I knew I wanted to be with Harper—not for a lifetime, but for now. We’d been training together over the summer, and he’d kept me and my girlfriends looked after and entertained when he joined us on the first Wisconsin ride. The Michigan ride was also behind me now, and I was filled with a growing sense of accomplishment. My last hurrah would be the Hilly Hundred Century in late October. As summer turned to fall, Harper was the last person still committed to doing the ride, and I was glad for his company on the drive to southern Indiana. He was handsome and easy company, and I’d grown quite fond of him. My decision set, I brought the other entanglements to an end and was happy with my choice.
When it was time for us to make the drive to Indiana for our century ride there, we stuffed Harper’s Subaru with riding and camping gear. After months of training and preparation, we were off.

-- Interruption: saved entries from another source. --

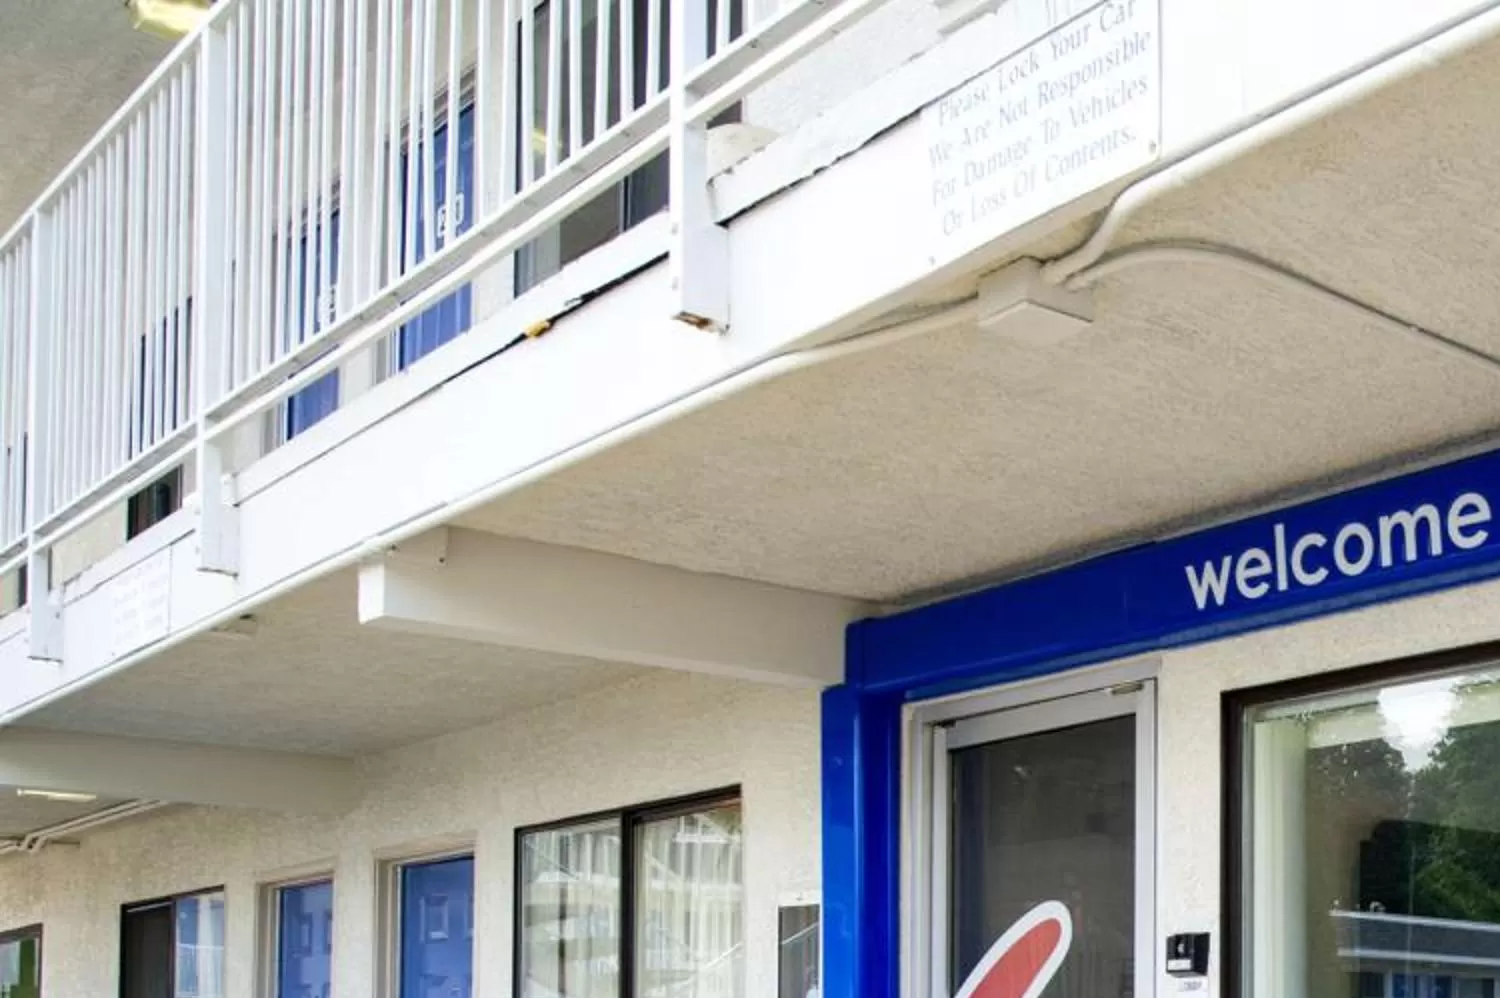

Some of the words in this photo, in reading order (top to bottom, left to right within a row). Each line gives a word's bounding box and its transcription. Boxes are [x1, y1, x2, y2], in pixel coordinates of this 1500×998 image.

[928, 140, 953, 169] We
[961, 119, 991, 147] Are
[999, 96, 1028, 129] Not
[1037, 32, 1151, 108] Responsible
[938, 82, 990, 127] Please
[996, 51, 1040, 93] Lock
[1049, 22, 1091, 61] Your
[1099, 0, 1135, 33] Car
[932, 178, 957, 207] For
[964, 136, 1032, 187] Damage
[1040, 117, 1061, 145] To
[1068, 74, 1148, 129] Vehicles
[943, 209, 964, 236] Or
[971, 190, 1007, 223] Loss
[1013, 164, 1038, 198] Of
[1045, 125, 1137, 183] Contents.
[1185, 492, 1493, 611] welcome

The next day, we joined thousands of riders from all over the country, covering the first fifty miles, pedaling past acres of freshly tilled earth where cornfields had stood.

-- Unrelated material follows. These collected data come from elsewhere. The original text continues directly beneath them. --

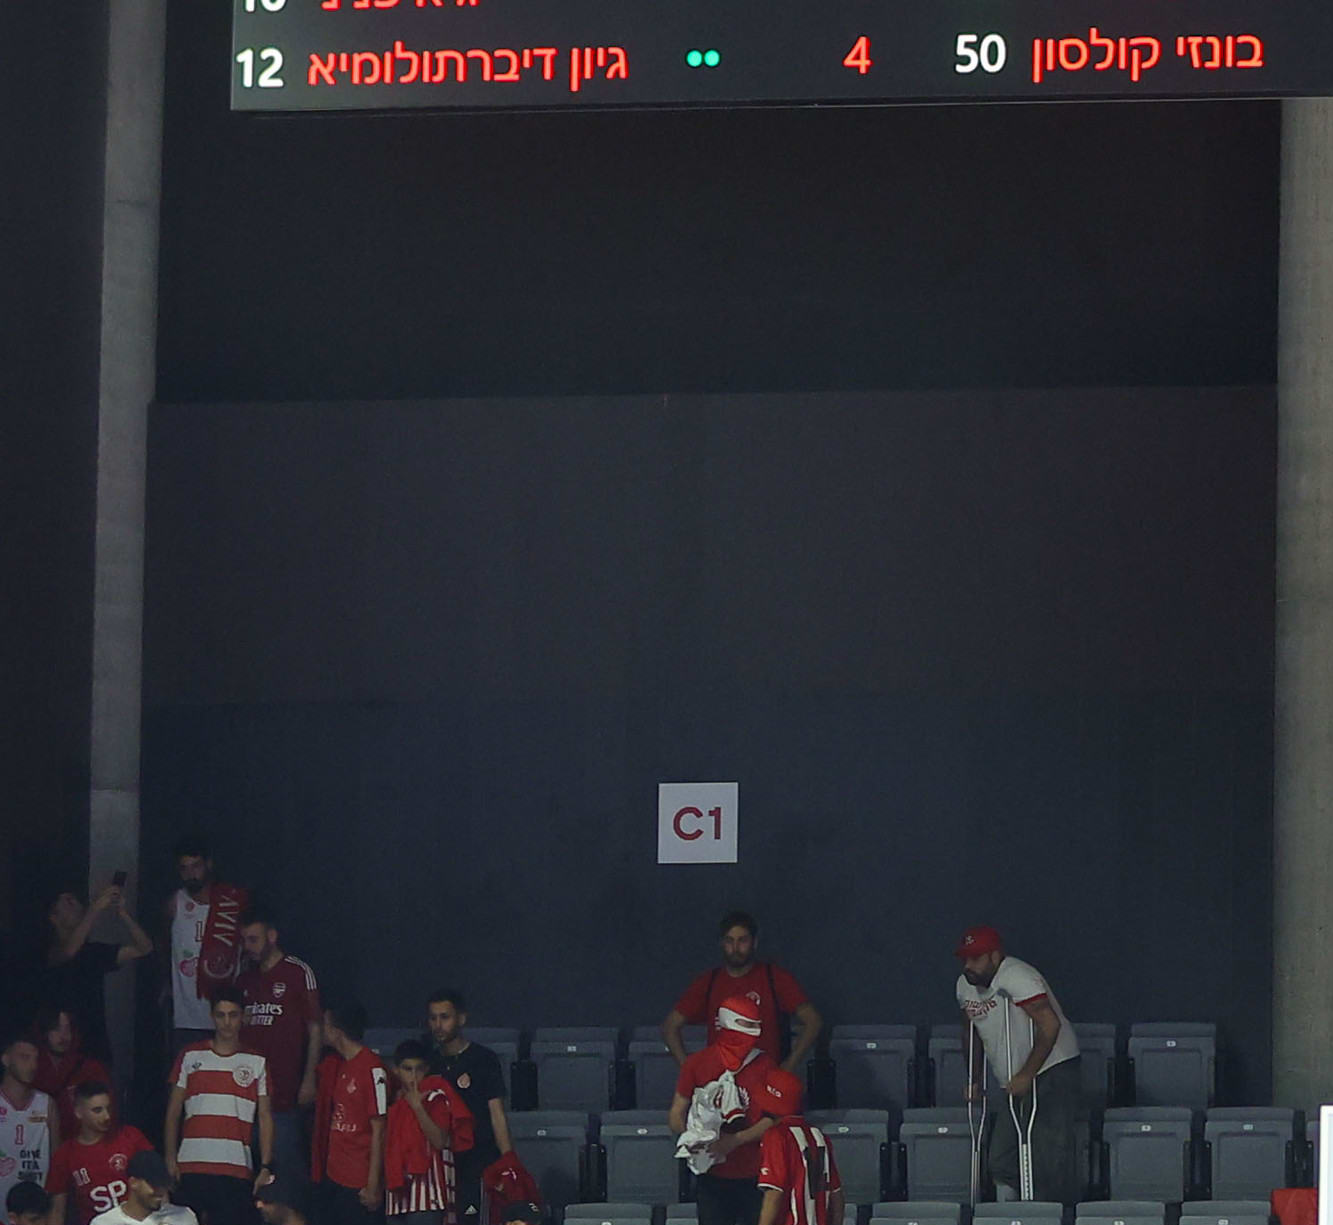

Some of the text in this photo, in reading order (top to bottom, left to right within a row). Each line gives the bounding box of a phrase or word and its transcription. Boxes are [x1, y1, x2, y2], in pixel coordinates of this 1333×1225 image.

[236, 37, 873, 92] 12 גיון דיברתולומיא 4
[954, 34, 1007, 74] 50
[1032, 28, 1162, 84] קולסון
[1177, 35, 1264, 70] בונזי
[673, 806, 722, 841] C1

The weather cooperated beautifully both days, with dewy October mornings followed by sunny afternoons, red leaves flashing against a bright blue sky. I was in the best physical shape of my life. Volunteers waved flags and cheered us on as we approached the ninety-mile mark. Inside my head, I could hear my gym trainer’s mantra as he pushed me through a difficult series of weights. This is you, Linda, commanding your body to perform. This is you, exceeding your own limitations. Come on, now—send oxygen to those muscles.
I knew I would finish as long as I kept breathing and refused to listen to the barking pain in my legs and rear. We crossed over a series of railroad tracks, and the houses started getting closer together. After a sweeping downward turn, we passed more volunteers, cheering us home. We’d reentered Bloomington, and the route flattened out.
“We’re almost there!” Harper shouted. “I can almost taste the cold beer.” We crossed the line and raised our arms overhead, as if we’d just won the yellow jersey at the Tour de France.
I was completely worn out and elated, both proud to have followed through on my goal and relieved this century season was over. I thought about calling my parents and sharing the moment with them but pushed the idea aside. That wasn’t what we did with each other anymore, and they would not have welcomed a call from me. Instead, I accepted a hug and a cold beer from Harper and partied with my fellow bikers.